私たちは、時間もたっぷりあったので、景色をおいしい空気を楽しみながら、歩いて城に向かいました。この時間、まだ霧が晴れていなくて、見えるはずの城が見えず...本当に、ディズニーのシンデレラ城のモデルになった城がこの先のあるのだろうか、と半信半疑でしたが、目の前に現れたその城は、本当に大きくて、まさにおとぎ話です!!
しかも、この霧が見事な演出をしていて、まるで、ドラキュラのお城のようでした(写真3)。
![]() |
![]() |
| 写真3 霧の演出でまるでドラキュラ城? | 写真4 バルコニーへ |
ツアーまで、少し時間があったので、ここから小さく見える滝を眺めたり、お城のバルコニーに登ったりしました(写真4)。そうこうしているうちに、あんなに濃かった霧が晴れて、お日様が顔を出しました。おかげで、太陽の下でデーンとかまえた城も見ることができ、これはこれで本当に美しかったです。夕方から雪でも降れば、雪の中の城も見れるのに...なんて思いましたが、さすがにそれは実現しませんでした。でもきっと、雪の中に立つ城も格別だと思うので、機会があれば、また来たいです。

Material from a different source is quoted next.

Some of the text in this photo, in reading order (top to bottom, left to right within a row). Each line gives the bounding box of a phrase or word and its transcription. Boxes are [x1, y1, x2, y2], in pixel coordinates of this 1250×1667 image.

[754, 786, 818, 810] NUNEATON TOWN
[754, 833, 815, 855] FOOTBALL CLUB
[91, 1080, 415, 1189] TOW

そして、いよいよ城内へ。ルードヴィッヒ2世は、この城を完璧に理想のものに仕上げたかったようで、その話は一見わがままでしかないのですが...そんな話を聞いたり。ルードヴィッヒ2世が、心酔ししたワーグナーのために作った部屋などを見学できます。残念なのは、城内が撮影禁止だったこと。すべての部屋が公開されていないこと。でも、本当に素敵な内装を見ることが出来ます。

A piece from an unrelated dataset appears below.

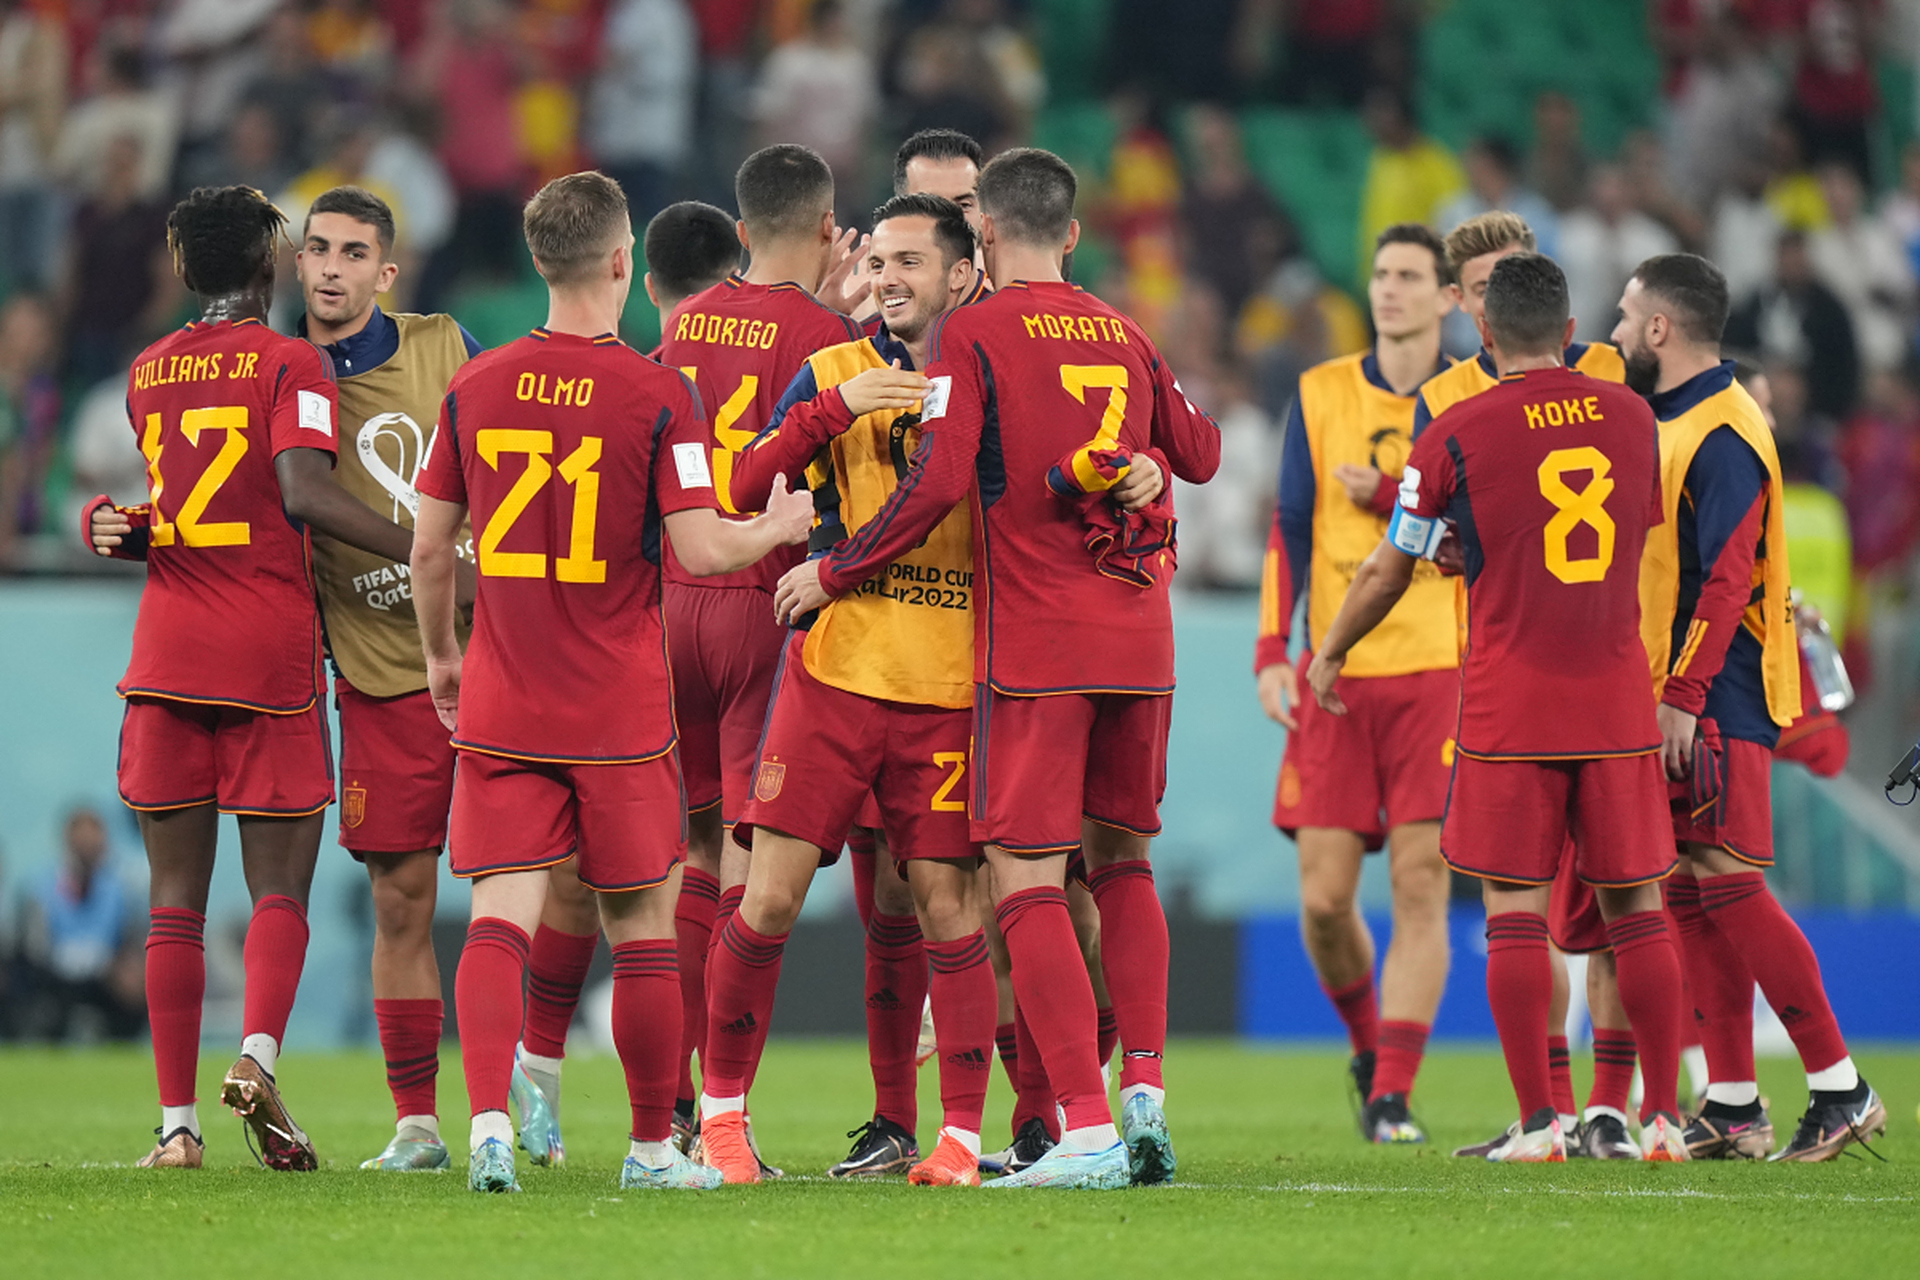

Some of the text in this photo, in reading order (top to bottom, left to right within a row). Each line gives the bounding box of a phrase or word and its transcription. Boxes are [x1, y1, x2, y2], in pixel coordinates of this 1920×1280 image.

この後のお勧めスポットは、「マリエン橋」。お城から、15分ほど下って、登ってしたところに、大きな滝が!!
その滝の上にかかっているのが、マリエン橋です(写真5)。
![]() |
![]() |
| 写真5 マリエン橋 | 写真6 ノイシュヴァンシュタイン城の全景 |
この滝の眺めもなかなかのもので、この日、私たちは滝のすぐ下のベンチで持参のお弁当を食べました。夏なら、もう少し下った、川のほとりでピクニックが出来ると思います。腹ごしらえがすんだところで、橋の上へ。この橋に向かう途中、お城をバックに写真を取れるスポットがありますが、順番待ちが大変です...そして、橋の上も。ここから見る、ノイシュヴァンシュタイン城は最高ですが、橋が落ちるのではないかと思うほどの人が、カメラ片手に右往左往しています。お互いに写真を取り合えるという利点もありますが、とにかく人が多くてびっくりです。私も、ばっちりお城を写真に納めました(写真6)。

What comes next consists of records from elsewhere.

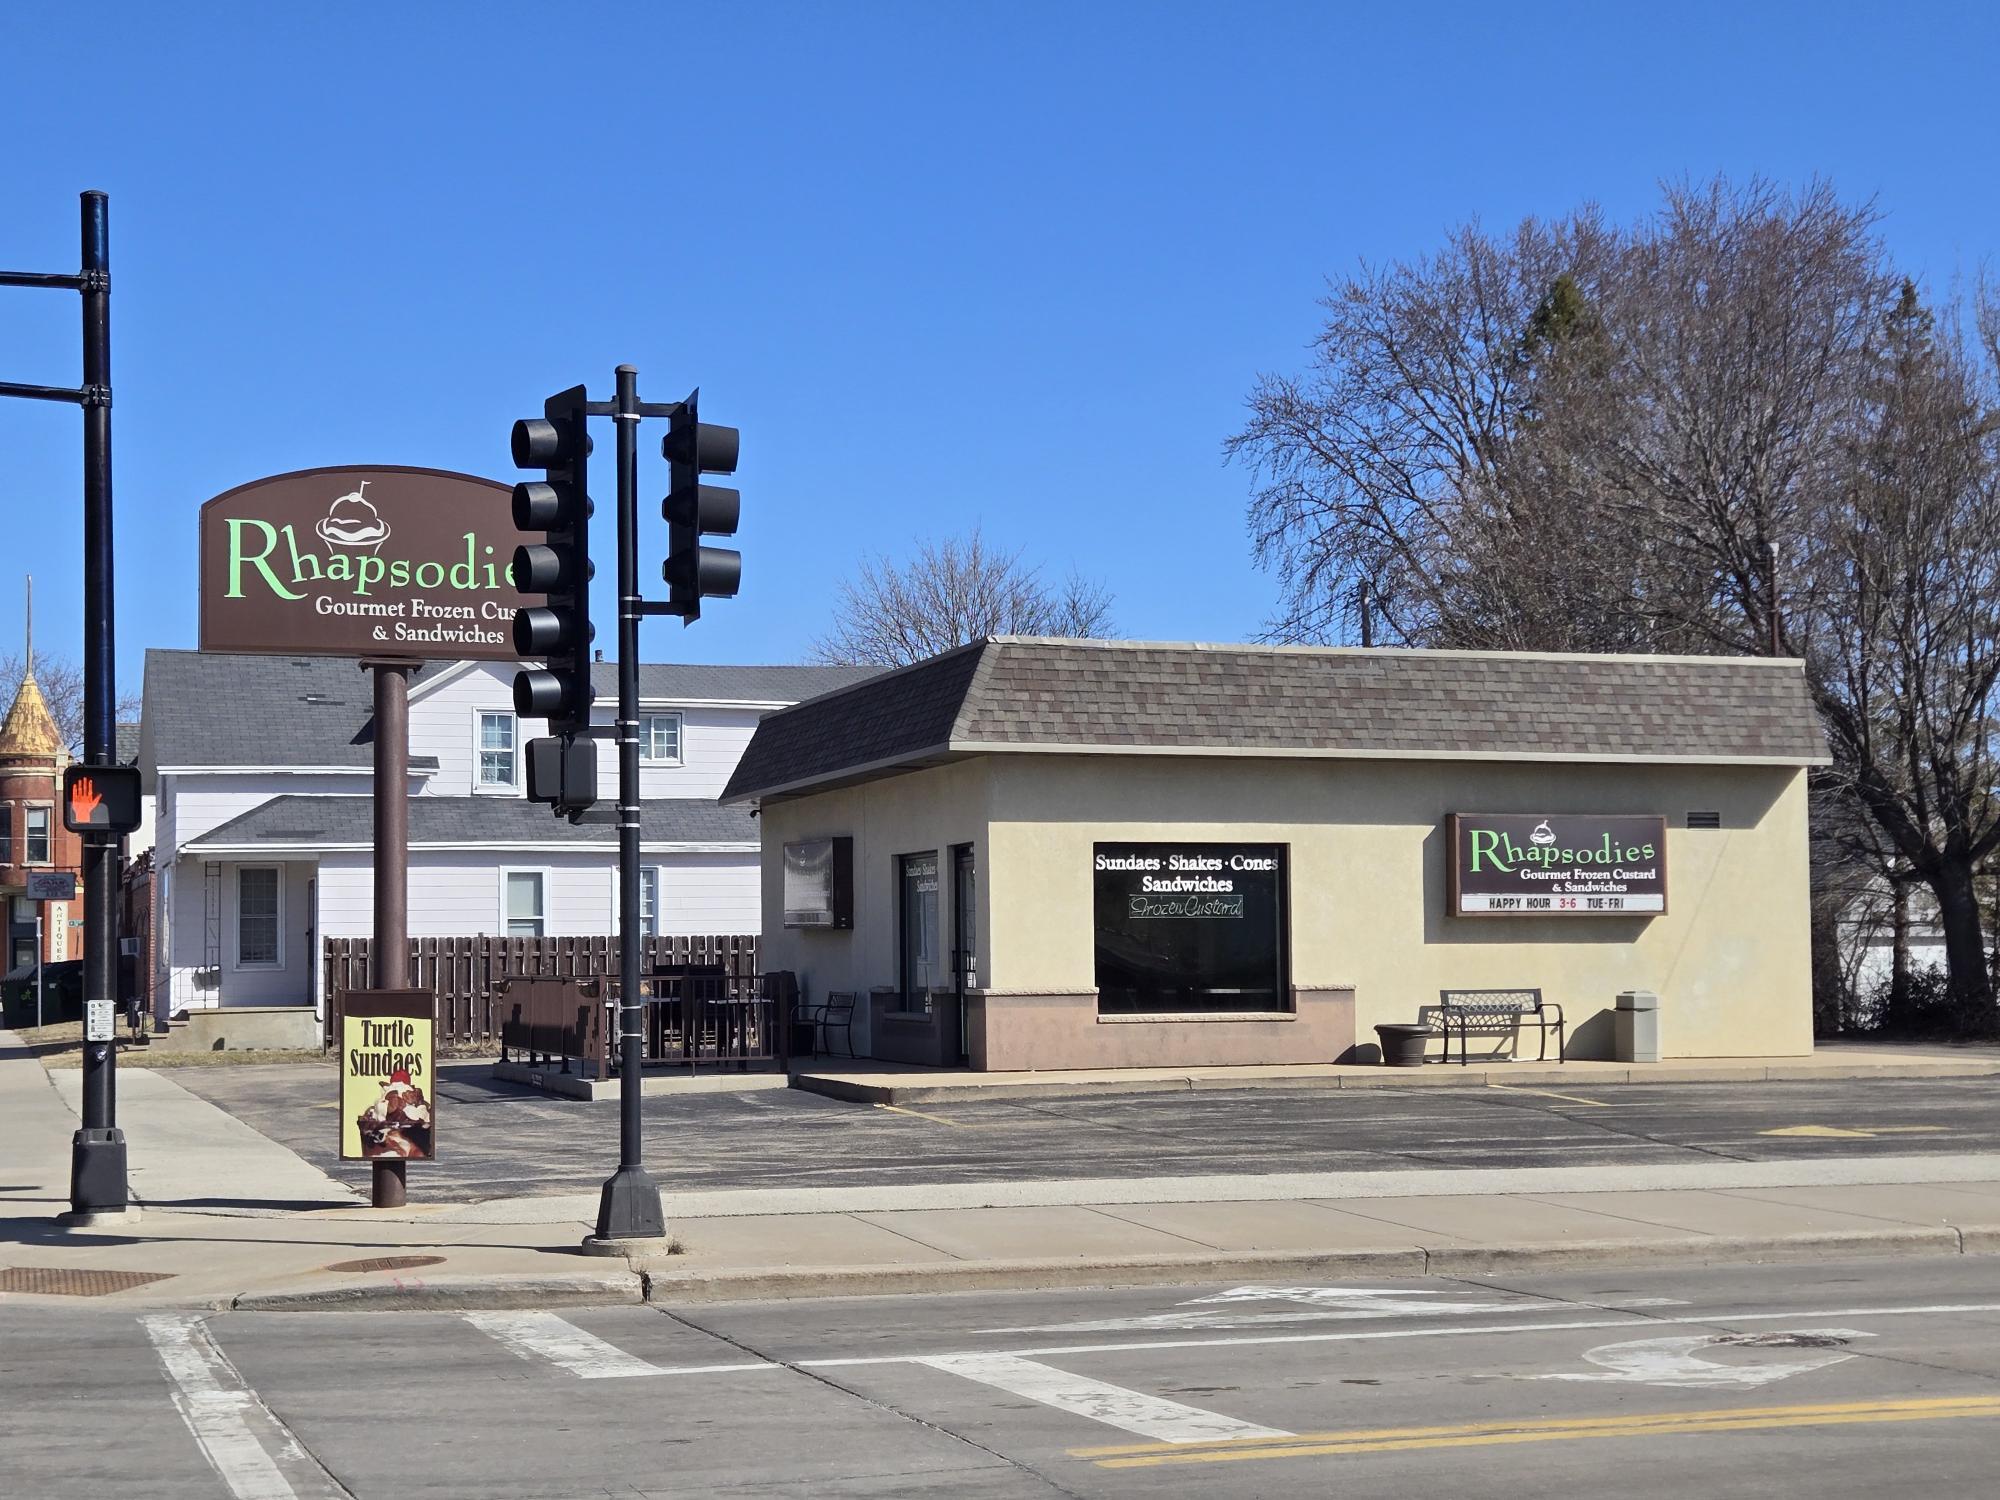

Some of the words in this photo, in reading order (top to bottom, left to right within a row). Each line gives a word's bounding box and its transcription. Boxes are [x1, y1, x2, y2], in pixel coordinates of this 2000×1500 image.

[315, 595, 406, 617] Gourmet
[411, 598, 476, 619] Frozen
[372, 625, 390, 641] &
[394, 622, 504, 644] Sandwiches
[1469, 829, 1655, 872] Rhapsodies
[1095, 854, 1161, 871] Sundaes
[1169, 854, 1223, 871] Shakes
[1231, 854, 1279, 871] Cones
[1142, 875, 1233, 892] Sandwiches
[1520, 868, 1573, 880] Gourmet
[1574, 869, 1611, 880] Frozen
[1612, 868, 1656, 880] Custard
[1552, 883, 1562, 892] &
[1564, 881, 1627, 893] Sandwiches
[1131, 897, 1183, 916] Frozen
[1184, 895, 1242, 916] Custard
[1489, 897, 1521, 909] HAPPY
[1526, 897, 1551, 909] HOUR
[1559, 897, 1577, 909] 3-6
[1587, 897, 1624, 909] TUE-FRI
[361, 1020, 414, 1048] Turtle
[350, 1048, 423, 1077] Sundaes

ここから、私たちは登山道のような道を下って、無事インフォメーションセンターのある辺りへ。
改めて振り返ると、朝は全く姿の見えなかった城が、このときははっきりと見えました。そこからバスで、フッセンに戻り、少々観光を。日曜ですが、観光地のせいか、開いているお店がわりとありました。こじんまりとした街ですが、とてもかわいらしい雰囲気でした。
このフッセンはロマンティック街道の一番南の都市でもあります。まだ、街道沿いのほかの都市には行ったことがないので、暇を見つけて行ってみたいなと思いました。